FG is a public-private partnership project combining electronic health record and registry data from six regional and three Finnish biobanks. Participant data (with informed consent) include genomics and health records linked to disease endpoints. Further details are available at https://www.finngen.fi/. More details on FG and ethics protocols are provided in Supplementary Information. We used data from FG participants with completed genetic measurements (R5 data release) and imputation (R6 data release). FinnGen participants provided informed consent for biobank research. Recruitment protocols followed the biobank protocols approved by Fimea, the National Supervisory Authority for Welfare and Health. The Coordinating Ethics Committee of the Hospital District of Helsinki and Uusimaa (HUS) approved the FinnGen study protocol Nr HUS/990/2017. The FinnGen study is approved by Finnish Institute for Health and Welfare.

Disease phenotypes

FG phenotypes were automatically mapped to those used in the Pan UKBB (https://pan.ukbb.broadinstitute.org/) project. Pan UKBB phenotypes are a combination of Phecodes37 and ICD10 codes. Phecodes were translated to ICD10 (https://phewascatalog.org/phecodes_icd10, v.2.1) and mapping was based on ICD-10 definitions for FG endpoints obtained from cause of death, hospital discharge and cancer registries. For disease definition consistency, we reproduced the same Phecode maps using the same ICD-10 definitions in UKB. In particular, we expertly curated 15 neurological phenotypes using ICD10 codes. We retained phenotypes where the similarity score (Jaccard index: ICD10FG ∩ ICD10UKB / ICD10FG ∪ ICD10UKB) was >0.7 and additionally excluded spontaneous deliveries and abortions.

Phecodes and ICD10 coded phenotypes were first mapped to unified disease names and disease groups using mappings from Phecode, PheWAS and icd R packages followed by manual curation of unmapped traits and diseases groups, mismatched and duplicate entries. Disease endpoints were mapped to Experimental Factor Ontology (EFO) terms using mappings from EMBL-EBI and Open Targets based on exact disease entry matches followed by manual curation of unmapped traits.

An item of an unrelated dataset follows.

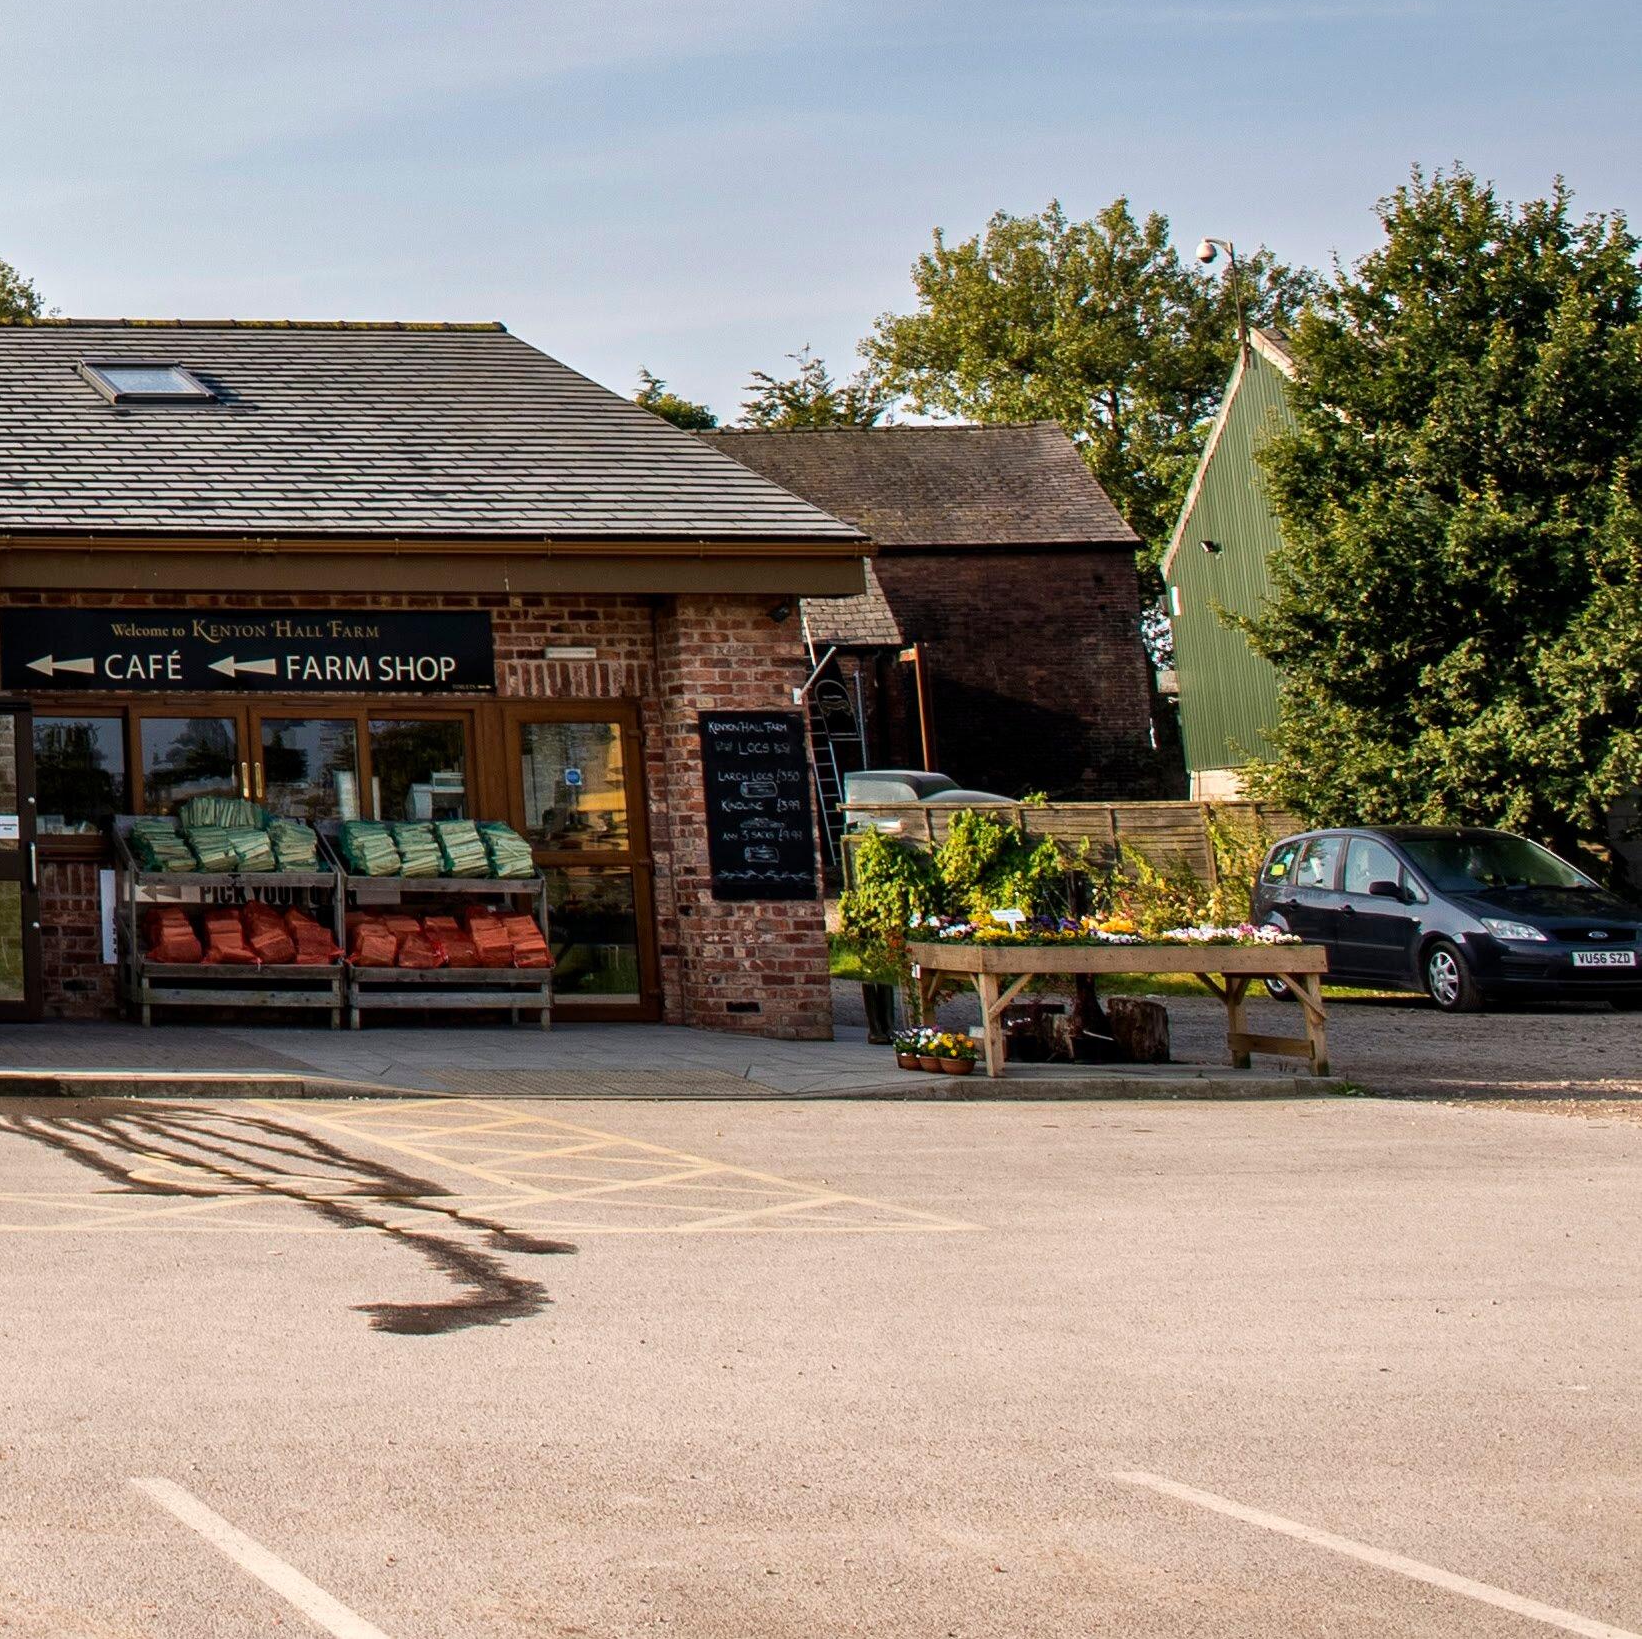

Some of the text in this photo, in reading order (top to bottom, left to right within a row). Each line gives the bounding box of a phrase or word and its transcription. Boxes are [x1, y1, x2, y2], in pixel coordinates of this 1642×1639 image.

[111, 619, 380, 643] Welcome to KENYON HALL FARM
[104, 650, 456, 681] CAFÉ FARM SHOP
[1578, 953, 1607, 964] VU56
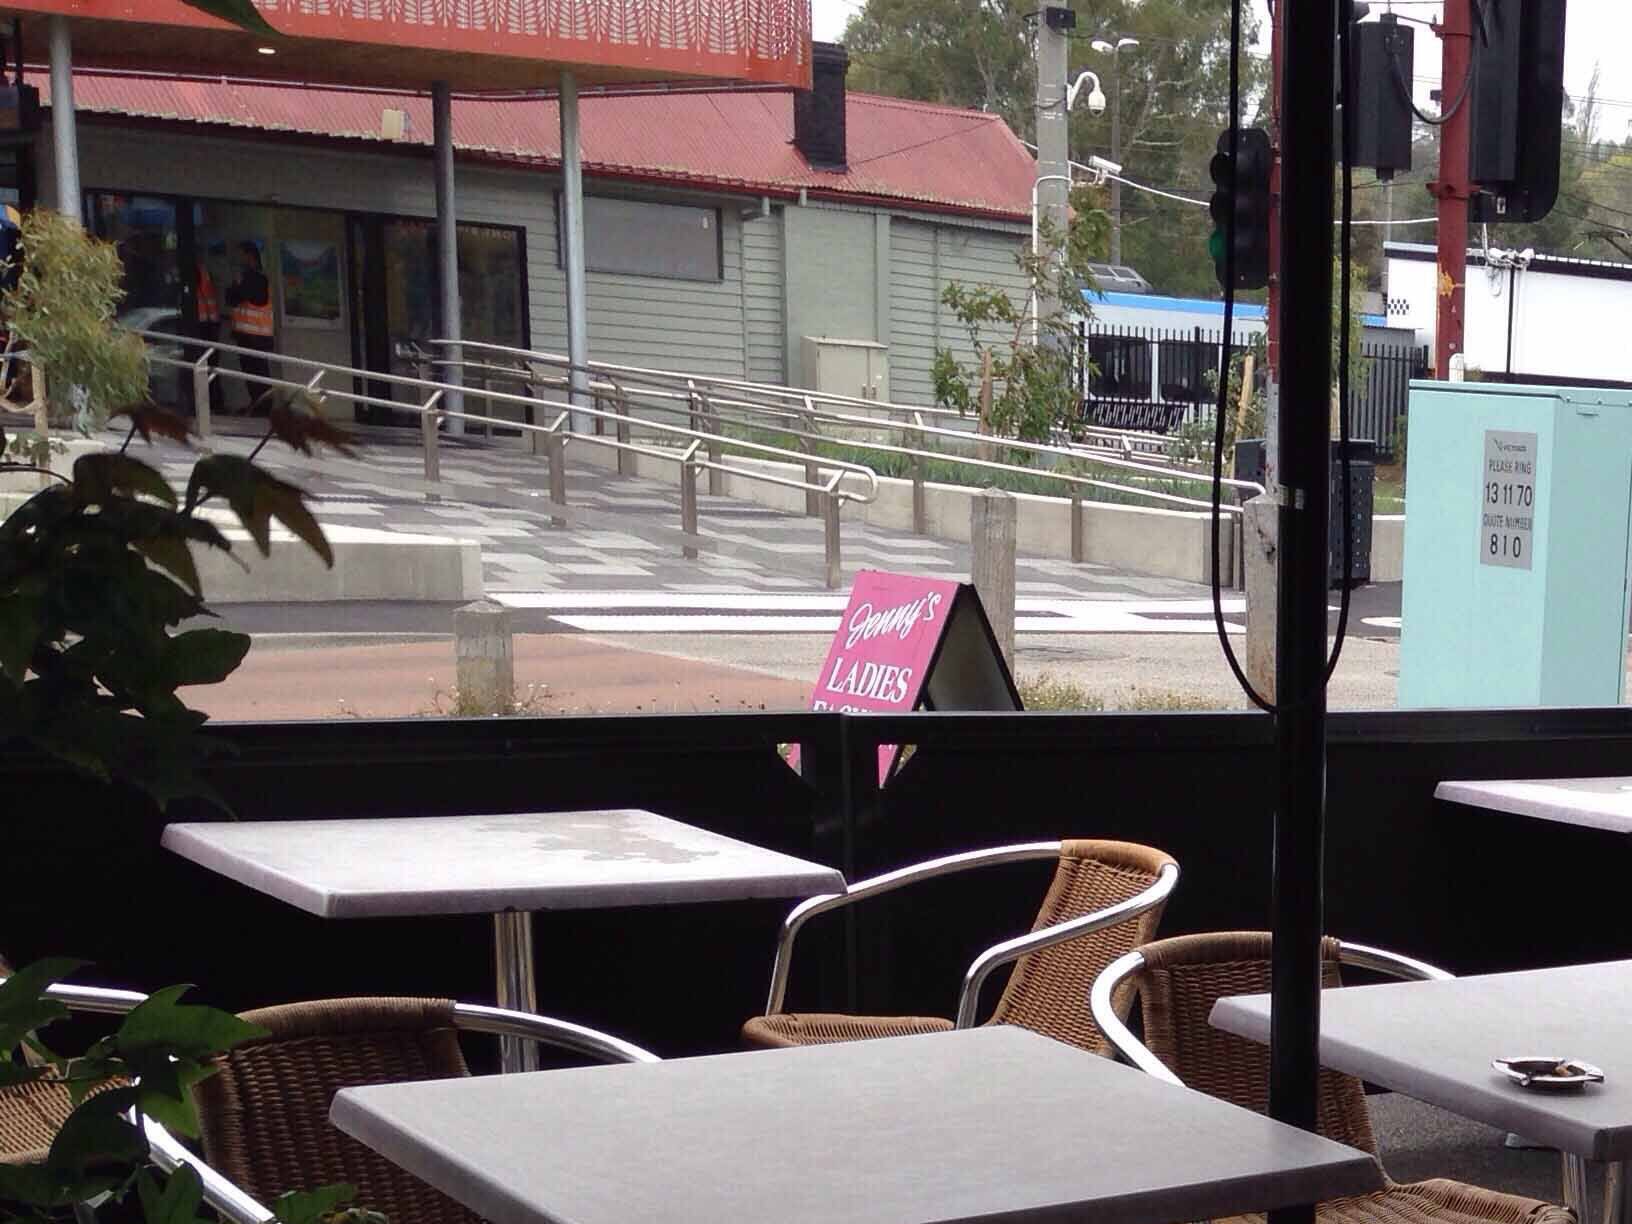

Disease trait clusters were determined through first calculating the phenotypic similarity via the cosine similarity, then determining clusters via hierarchical clustering on the distance matrix (1-similarity) using the Ward algorithm and cutting the hierarchical tree, after inspection, at height 0.8 to provide the most semantically meaningful clusters.

Genetic data processing

UKB genetic QC

UKB genotyping and imputation were performed as described previously2. Whole-exome sequencing data for UKB participants were generated at the Regeneron Genetics Center (RGC) as part of a collaboration between AbbVie, Alnylam Pharmaceuticals, AstraZeneca, Biogen, Bristol-Myers Squibb, Pfizer, Regeneron and Takeda with the UK Biobank. Whole-exome sequencing data were processed using the RGC SBP pipeline as described3,38. RGC generated a QC-passing ‘Goldilocks’ set of genetic variants from a total of 454,803 sequenced UK Biobank participants for analysis. Additional quality control (QC) steps were performed prior to association analyses as detailed below.

FG genetic QC

Samples were genotyped with Illumina and Affymetrix arrays (Thermo Fisher Scientific). Genotype calls were made with GenCall and zCall algorithms for Illumina and AxiomGT1 algorithm for Affymetrix data. Sample, genotyping as well as imputation procedures and QC are detailed in Supplementary Information.

Coding variant selection

GnomAD v.2.0 variant annotations were used for FinnGen variants39. The following gnomAD annotation categories are included: pLOF, low-confidence loss-of-function (LC), in-frame insertion–deletion, missense, start lost, stop lost, stop gained. Variants have been filtered to imputation INFO score > 0.6. Additional variant annotations were performed using variant effect predictor (VEP)40 with SIFT and PolyPhen scores averaged across the canonical annotations.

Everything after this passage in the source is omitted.